→ **Task statement**: Each record that follows should be reproduced in full, character for character.

Start of Supplied records

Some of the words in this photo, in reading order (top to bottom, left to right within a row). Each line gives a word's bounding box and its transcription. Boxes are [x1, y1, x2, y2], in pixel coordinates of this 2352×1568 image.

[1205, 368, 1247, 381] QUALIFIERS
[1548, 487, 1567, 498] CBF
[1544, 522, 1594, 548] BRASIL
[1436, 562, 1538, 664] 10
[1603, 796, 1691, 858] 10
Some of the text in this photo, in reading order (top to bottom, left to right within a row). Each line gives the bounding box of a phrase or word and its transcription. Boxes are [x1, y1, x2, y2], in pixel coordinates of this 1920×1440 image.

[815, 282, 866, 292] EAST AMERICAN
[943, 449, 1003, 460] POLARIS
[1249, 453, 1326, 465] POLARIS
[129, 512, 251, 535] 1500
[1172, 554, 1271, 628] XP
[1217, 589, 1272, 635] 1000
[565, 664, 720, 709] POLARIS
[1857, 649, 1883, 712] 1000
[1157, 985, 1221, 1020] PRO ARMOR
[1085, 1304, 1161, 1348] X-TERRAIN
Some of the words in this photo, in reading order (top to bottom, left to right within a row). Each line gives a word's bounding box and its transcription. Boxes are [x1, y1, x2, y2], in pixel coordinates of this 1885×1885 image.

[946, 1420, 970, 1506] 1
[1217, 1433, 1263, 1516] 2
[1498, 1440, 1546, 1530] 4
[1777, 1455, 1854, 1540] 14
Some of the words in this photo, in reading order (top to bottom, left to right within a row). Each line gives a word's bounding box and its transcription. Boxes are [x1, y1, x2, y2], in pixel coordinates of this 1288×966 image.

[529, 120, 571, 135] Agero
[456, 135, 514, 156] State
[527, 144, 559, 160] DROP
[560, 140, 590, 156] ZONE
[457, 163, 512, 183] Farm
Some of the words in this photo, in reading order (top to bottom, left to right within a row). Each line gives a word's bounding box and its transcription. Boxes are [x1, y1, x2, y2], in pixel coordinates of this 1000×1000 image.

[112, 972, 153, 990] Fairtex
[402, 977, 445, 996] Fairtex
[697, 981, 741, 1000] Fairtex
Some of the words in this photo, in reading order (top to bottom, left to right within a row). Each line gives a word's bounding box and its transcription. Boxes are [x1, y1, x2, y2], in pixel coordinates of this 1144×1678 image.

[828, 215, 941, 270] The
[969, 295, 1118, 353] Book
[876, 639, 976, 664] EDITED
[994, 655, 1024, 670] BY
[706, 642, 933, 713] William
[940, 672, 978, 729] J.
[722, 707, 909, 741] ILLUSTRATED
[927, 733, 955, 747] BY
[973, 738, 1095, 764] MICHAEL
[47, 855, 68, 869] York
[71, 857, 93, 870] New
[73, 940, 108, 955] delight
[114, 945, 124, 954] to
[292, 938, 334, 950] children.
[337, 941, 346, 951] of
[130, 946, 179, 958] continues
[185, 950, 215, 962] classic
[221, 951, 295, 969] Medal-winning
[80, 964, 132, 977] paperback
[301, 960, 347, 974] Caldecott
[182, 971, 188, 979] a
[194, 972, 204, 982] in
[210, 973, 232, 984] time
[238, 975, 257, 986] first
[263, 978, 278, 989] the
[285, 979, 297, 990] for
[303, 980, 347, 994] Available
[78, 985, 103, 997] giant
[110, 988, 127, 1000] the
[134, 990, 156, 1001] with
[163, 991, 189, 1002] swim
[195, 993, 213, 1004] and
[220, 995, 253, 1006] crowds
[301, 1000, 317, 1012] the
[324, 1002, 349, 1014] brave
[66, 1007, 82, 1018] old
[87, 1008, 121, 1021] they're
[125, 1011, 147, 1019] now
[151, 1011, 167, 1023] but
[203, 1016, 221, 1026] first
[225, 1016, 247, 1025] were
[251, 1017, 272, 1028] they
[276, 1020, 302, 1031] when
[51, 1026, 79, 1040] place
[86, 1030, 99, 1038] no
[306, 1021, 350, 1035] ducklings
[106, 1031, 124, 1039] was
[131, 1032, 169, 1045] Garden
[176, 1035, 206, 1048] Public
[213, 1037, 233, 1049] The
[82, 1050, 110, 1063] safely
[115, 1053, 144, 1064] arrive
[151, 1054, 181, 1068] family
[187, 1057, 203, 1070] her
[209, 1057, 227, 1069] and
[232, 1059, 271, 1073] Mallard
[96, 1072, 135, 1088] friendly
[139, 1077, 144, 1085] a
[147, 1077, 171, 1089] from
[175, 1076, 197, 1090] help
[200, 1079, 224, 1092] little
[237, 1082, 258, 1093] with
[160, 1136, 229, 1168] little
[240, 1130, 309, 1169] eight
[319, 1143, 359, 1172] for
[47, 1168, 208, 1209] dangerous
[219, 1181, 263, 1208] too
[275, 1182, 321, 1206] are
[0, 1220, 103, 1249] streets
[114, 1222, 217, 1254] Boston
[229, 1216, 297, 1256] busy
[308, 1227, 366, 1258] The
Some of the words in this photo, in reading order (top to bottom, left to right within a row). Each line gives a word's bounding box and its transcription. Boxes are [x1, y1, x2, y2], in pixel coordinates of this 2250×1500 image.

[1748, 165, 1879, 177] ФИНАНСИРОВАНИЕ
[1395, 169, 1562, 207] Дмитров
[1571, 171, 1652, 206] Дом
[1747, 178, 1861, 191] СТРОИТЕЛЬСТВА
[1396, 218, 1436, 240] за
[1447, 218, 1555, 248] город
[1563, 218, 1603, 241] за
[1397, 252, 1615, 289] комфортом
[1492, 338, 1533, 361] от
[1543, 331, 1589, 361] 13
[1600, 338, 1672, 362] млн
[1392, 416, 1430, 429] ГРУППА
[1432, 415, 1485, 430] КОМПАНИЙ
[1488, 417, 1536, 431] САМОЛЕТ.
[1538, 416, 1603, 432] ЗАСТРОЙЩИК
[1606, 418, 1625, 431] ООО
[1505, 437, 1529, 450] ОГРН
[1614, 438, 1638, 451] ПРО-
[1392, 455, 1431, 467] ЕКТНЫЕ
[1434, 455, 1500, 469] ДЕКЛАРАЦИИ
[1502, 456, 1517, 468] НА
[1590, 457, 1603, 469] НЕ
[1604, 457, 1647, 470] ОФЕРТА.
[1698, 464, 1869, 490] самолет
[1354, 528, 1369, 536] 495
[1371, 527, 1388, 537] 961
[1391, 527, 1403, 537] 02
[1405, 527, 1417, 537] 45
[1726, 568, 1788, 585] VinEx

End of Supplied records

→ **Result of the exercise**:
Some of the words in this photo, in reading order (top to bottom, left to right within a row). Each line gives a word's bounding box and its transcription. Boxes are [x1, y1, x2, y2], in pixel coordinates of this 2352×1568 image.

[1205, 368, 1247, 381] QUALIFIERS
[1548, 487, 1567, 498] CBF
[1544, 522, 1594, 548] BRASIL
[1436, 562, 1538, 664] 10
[1603, 796, 1691, 858] 10
Some of the text in this photo, in reading order (top to bottom, left to right within a row). Each line gives the bounding box of a phrase or word and its transcription. Boxes are [x1, y1, x2, y2], in pixel coordinates of this 1920×1440 image.

[815, 282, 866, 292] EAST AMERICAN
[943, 449, 1003, 460] POLARIS
[1249, 453, 1326, 465] POLARIS
[129, 512, 251, 535] 1500
[1172, 554, 1271, 628] XP
[1217, 589, 1272, 635] 1000
[565, 664, 720, 709] POLARIS
[1857, 649, 1883, 712] 1000
[1157, 985, 1221, 1020] PRO ARMOR
[1085, 1304, 1161, 1348] X-TERRAIN
Some of the words in this photo, in reading order (top to bottom, left to right within a row). Each line gives a word's bounding box and its transcription. Boxes are [x1, y1, x2, y2], in pixel coordinates of this 1885×1885 image.

[946, 1420, 970, 1506] 1
[1217, 1433, 1263, 1516] 2
[1498, 1440, 1546, 1530] 4
[1777, 1455, 1854, 1540] 14
Some of the words in this photo, in reading order (top to bottom, left to right within a row). Each line gives a word's bounding box and its transcription. Boxes are [x1, y1, x2, y2], in pixel coordinates of this 1288×966 image.

[529, 120, 571, 135] Agero
[456, 135, 514, 156] State
[527, 144, 559, 160] DROP
[560, 140, 590, 156] ZONE
[457, 163, 512, 183] Farm
Some of the words in this photo, in reading order (top to bottom, left to right within a row). Each line gives a word's bounding box and its transcription. Boxes are [x1, y1, x2, y2], in pixel coordinates of this 1000×1000 image.

[112, 972, 153, 990] Fairtex
[402, 977, 445, 996] Fairtex
[697, 981, 741, 1000] Fairtex
Some of the words in this photo, in reading order (top to bottom, left to right within a row). Each line gives a word's bounding box and its transcription. Boxes are [x1, y1, x2, y2], in pixel coordinates of this 1144×1678 image.

[828, 215, 941, 270] The
[969, 295, 1118, 353] Book
[876, 639, 976, 664] EDITED
[994, 655, 1024, 670] BY
[706, 642, 933, 713] William
[940, 672, 978, 729] J.
[722, 707, 909, 741] ILLUSTRATED
[927, 733, 955, 747] BY
[973, 738, 1095, 764] MICHAEL
[47, 855, 68, 869] York
[71, 857, 93, 870] New
[73, 940, 108, 955] delight
[114, 945, 124, 954] to
[292, 938, 334, 950] children.
[337, 941, 346, 951] of
[130, 946, 179, 958] continues
[185, 950, 215, 962] classic
[221, 951, 295, 969] Medal-winning
[80, 964, 132, 977] paperback
[301, 960, 347, 974] Caldecott
[182, 971, 188, 979] a
[194, 972, 204, 982] in
[210, 973, 232, 984] time
[238, 975, 257, 986] first
[263, 978, 278, 989] the
[285, 979, 297, 990] for
[303, 980, 347, 994] Available
[78, 985, 103, 997] giant
[110, 988, 127, 1000] the
[134, 990, 156, 1001] with
[163, 991, 189, 1002] swim
[195, 993, 213, 1004] and
[220, 995, 253, 1006] crowds
[301, 1000, 317, 1012] the
[324, 1002, 349, 1014] brave
[66, 1007, 82, 1018] old
[87, 1008, 121, 1021] they're
[125, 1011, 147, 1019] now
[151, 1011, 167, 1023] but
[203, 1016, 221, 1026] first
[225, 1016, 247, 1025] were
[251, 1017, 272, 1028] they
[276, 1020, 302, 1031] when
[51, 1026, 79, 1040] place
[86, 1030, 99, 1038] no
[306, 1021, 350, 1035] ducklings
[106, 1031, 124, 1039] was
[131, 1032, 169, 1045] Garden
[176, 1035, 206, 1048] Public
[213, 1037, 233, 1049] The
[82, 1050, 110, 1063] safely
[115, 1053, 144, 1064] arrive
[151, 1054, 181, 1068] family
[187, 1057, 203, 1070] her
[209, 1057, 227, 1069] and
[232, 1059, 271, 1073] Mallard
[96, 1072, 135, 1088] friendly
[139, 1077, 144, 1085] a
[147, 1077, 171, 1089] from
[175, 1076, 197, 1090] help
[200, 1079, 224, 1092] little
[237, 1082, 258, 1093] with
[160, 1136, 229, 1168] little
[240, 1130, 309, 1169] eight
[319, 1143, 359, 1172] for
[47, 1168, 208, 1209] dangerous
[219, 1181, 263, 1208] too
[275, 1182, 321, 1206] are
[0, 1220, 103, 1249] streets
[114, 1222, 217, 1254] Boston
[229, 1216, 297, 1256] busy
[308, 1227, 366, 1258] The
Some of the words in this photo, in reading order (top to bottom, left to right within a row). Each line gives a word's bounding box and its transcription. Boxes are [x1, y1, x2, y2], in pixel coordinates of this 2250×1500 image.

[1748, 165, 1879, 177] ФИНАНСИРОВАНИЕ
[1395, 169, 1562, 207] Дмитров
[1571, 171, 1652, 206] Дом
[1747, 178, 1861, 191] СТРОИТЕЛЬСТВА
[1396, 218, 1436, 240] за
[1447, 218, 1555, 248] город
[1563, 218, 1603, 241] за
[1397, 252, 1615, 289] комфортом
[1492, 338, 1533, 361] от
[1543, 331, 1589, 361] 13
[1600, 338, 1672, 362] млн
[1392, 416, 1430, 429] ГРУППА
[1432, 415, 1485, 430] КОМПАНИЙ
[1488, 417, 1536, 431] САМОЛЕТ.
[1538, 416, 1603, 432] ЗАСТРОЙЩИК
[1606, 418, 1625, 431] ООО
[1505, 437, 1529, 450] ОГРН
[1614, 438, 1638, 451] ПРО-
[1392, 455, 1431, 467] ЕКТНЫЕ
[1434, 455, 1500, 469] ДЕКЛАРАЦИИ
[1502, 456, 1517, 468] НА
[1590, 457, 1603, 469] НЕ
[1604, 457, 1647, 470] ОФЕРТА.
[1698, 464, 1869, 490] самолет
[1354, 528, 1369, 536] 495
[1371, 527, 1388, 537] 961
[1391, 527, 1403, 537] 02
[1405, 527, 1417, 537] 45
[1726, 568, 1788, 585] VinEx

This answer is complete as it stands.